たとえ、この恋が罪だとしても。








ーーーー…放課後ー…





時刻は18時を過ぎ、徐々に空も薄暗くなってきた。


校庭では19時から打ち上げる花火の準備や、生徒会の人達が出店を開き、たくさんの生徒たちで賑わっている。

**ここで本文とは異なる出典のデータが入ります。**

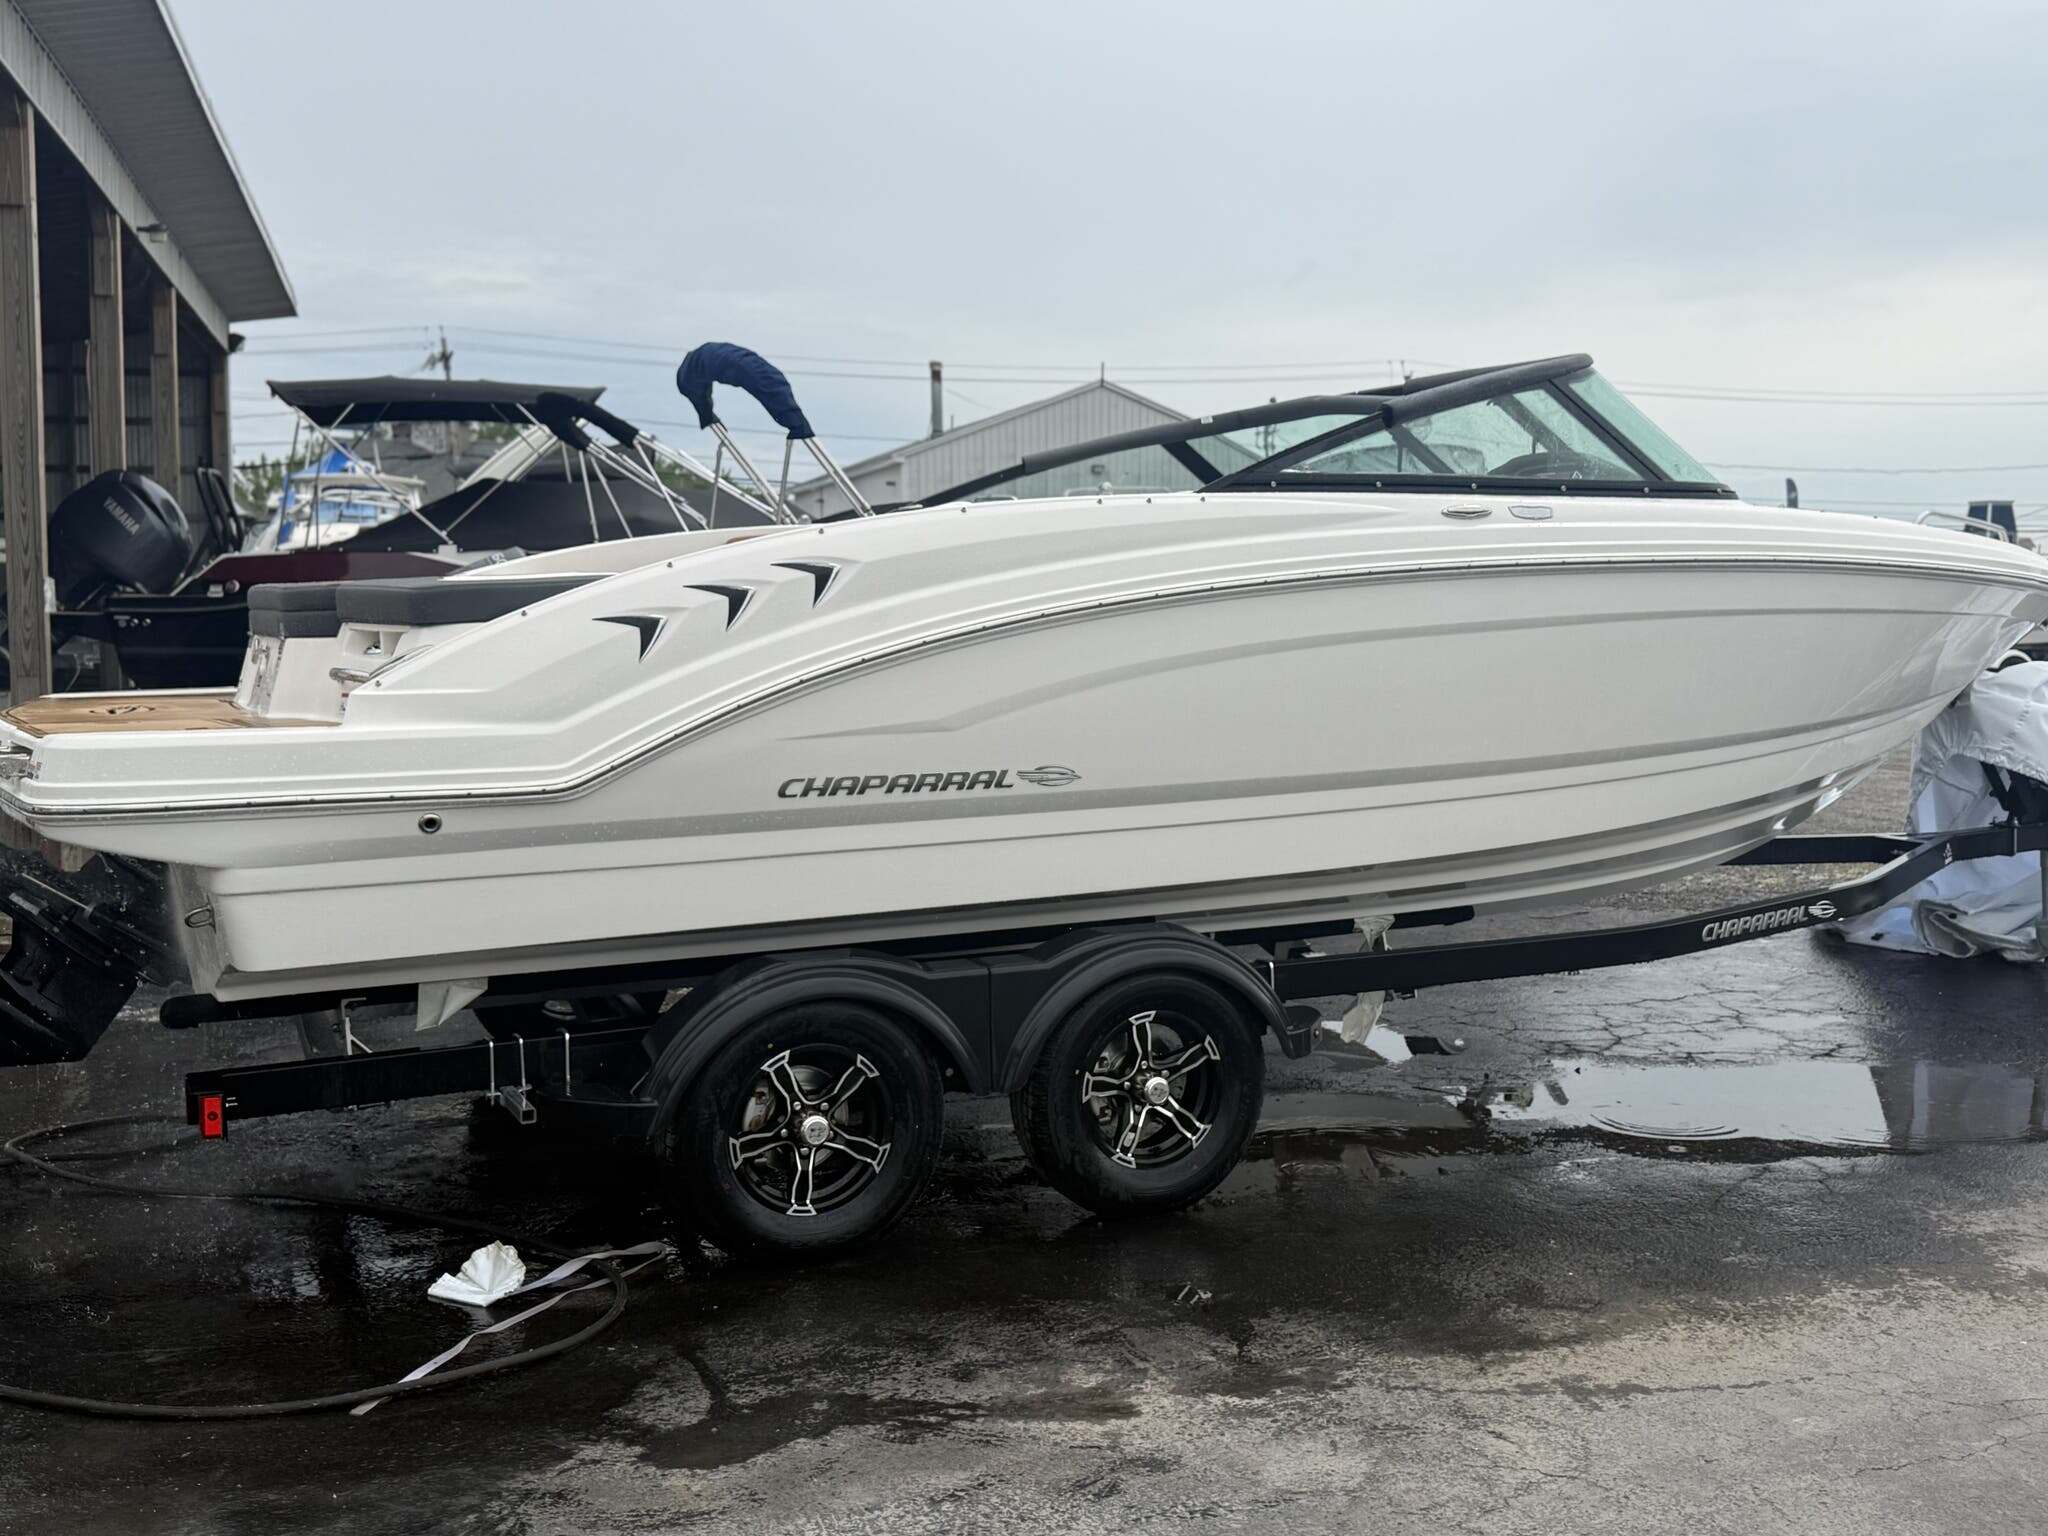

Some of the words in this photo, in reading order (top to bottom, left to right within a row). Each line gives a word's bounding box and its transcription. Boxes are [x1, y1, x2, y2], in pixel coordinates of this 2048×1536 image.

田島さん、裏方でいいから手伝って欲しいって言ってたけど、19時からじゃ遅くない?
もう始まってるし…もしかして、片づけを手伝うのかな?
でも、何で図書室の鍵なのか…


そんなことを考えながら、校庭の片隅に置いてあるベンチに一人で座る。

「えー!?やだぁ!?マジ!!?」
「マジマジ!!さっき告られちゃって!!」
「きゃー!!いいなぁ!!」

行き交う生徒たちから聞こえてくる、楽しそうな会話。
聞いていると、ほとんどの生徒が恋愛の話題ばかり。

誰かに告白された、告白した、一緒に花火を見る約束をした、これから好きな人と合流するー…

そんな会話をしている子達はキラキラしていて、とても楽しそう。


「…恋をするってこういうことなのかな?」

友達と恋バナをして盛り上がって、堂々と好きな人と一緒に歩いて、告白をして付き合ってー…

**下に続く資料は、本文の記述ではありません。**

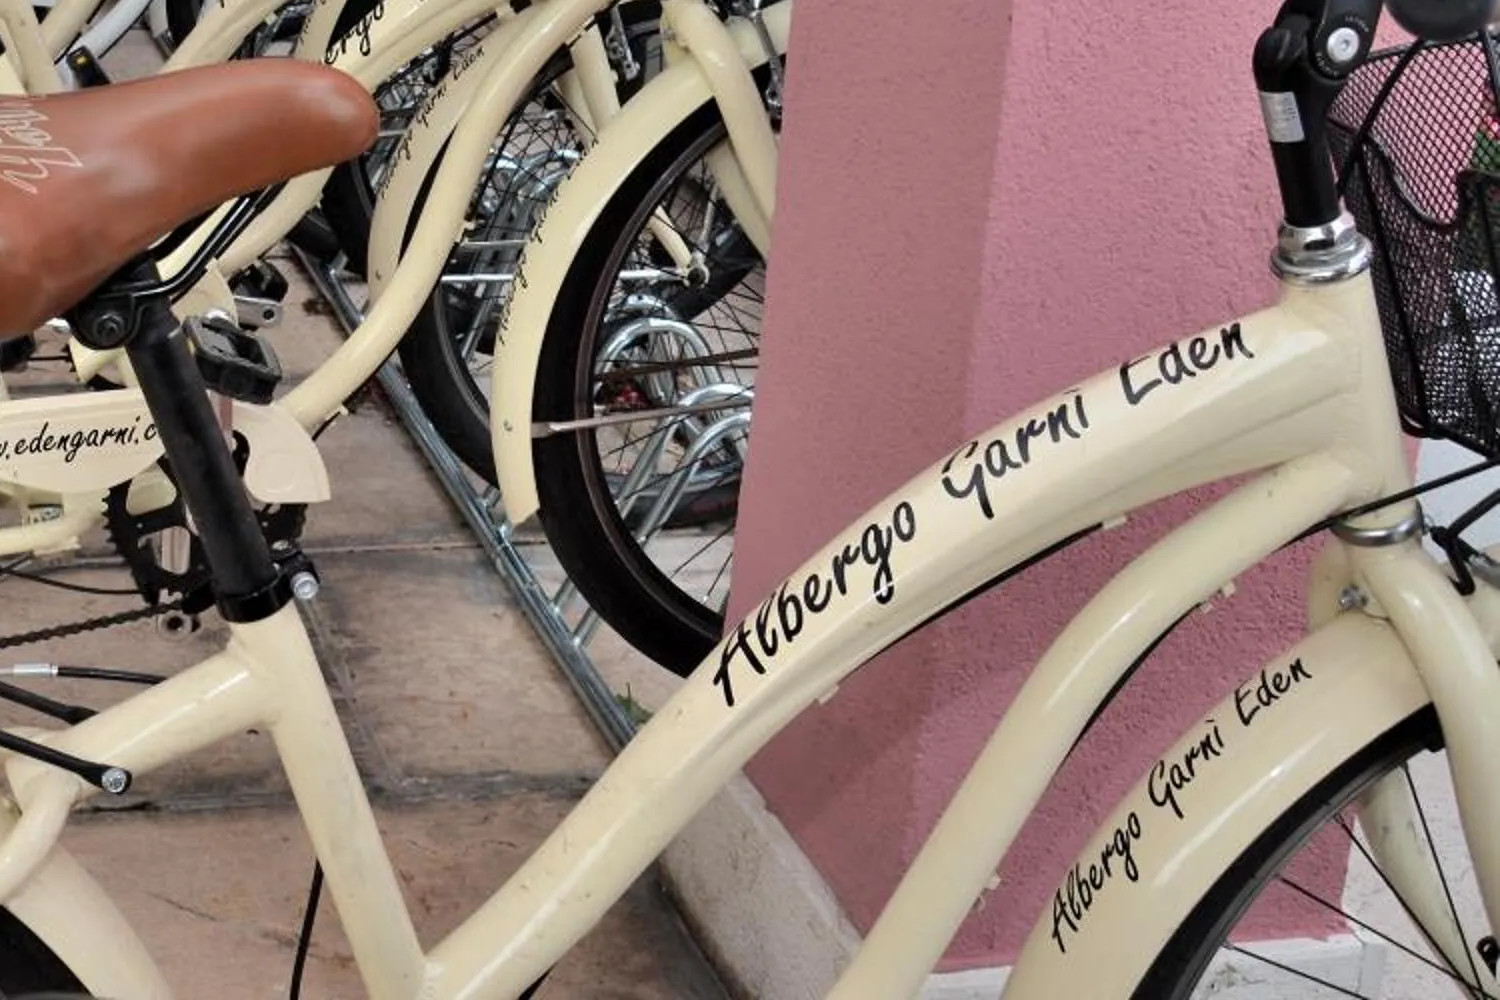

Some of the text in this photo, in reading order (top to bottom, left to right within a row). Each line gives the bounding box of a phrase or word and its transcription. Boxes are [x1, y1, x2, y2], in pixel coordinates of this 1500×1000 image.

[712, 501, 916, 708] Albergo
[1118, 321, 1255, 406] Eden
[1051, 811, 1142, 954] Albergo
[1234, 657, 1313, 728] Eden

こんな普通のことが、どうして私にはできないんだろう?


どうして、私はお兄ちゃんしか好きになれないんだろう?


苦しい想いをしてまで、お兄ちゃんを好きでいることが正しいのだろうか?



「なんて…」


正しいも何も、お兄ちゃんに恋をしまった時点で、私は正しい道を歩いていない。

気持ち悪いと拒絶されても、私はお兄ちゃんのことを今でも好きでいる。


「重症だな…」


自分で言って、苦笑いが出てしまう。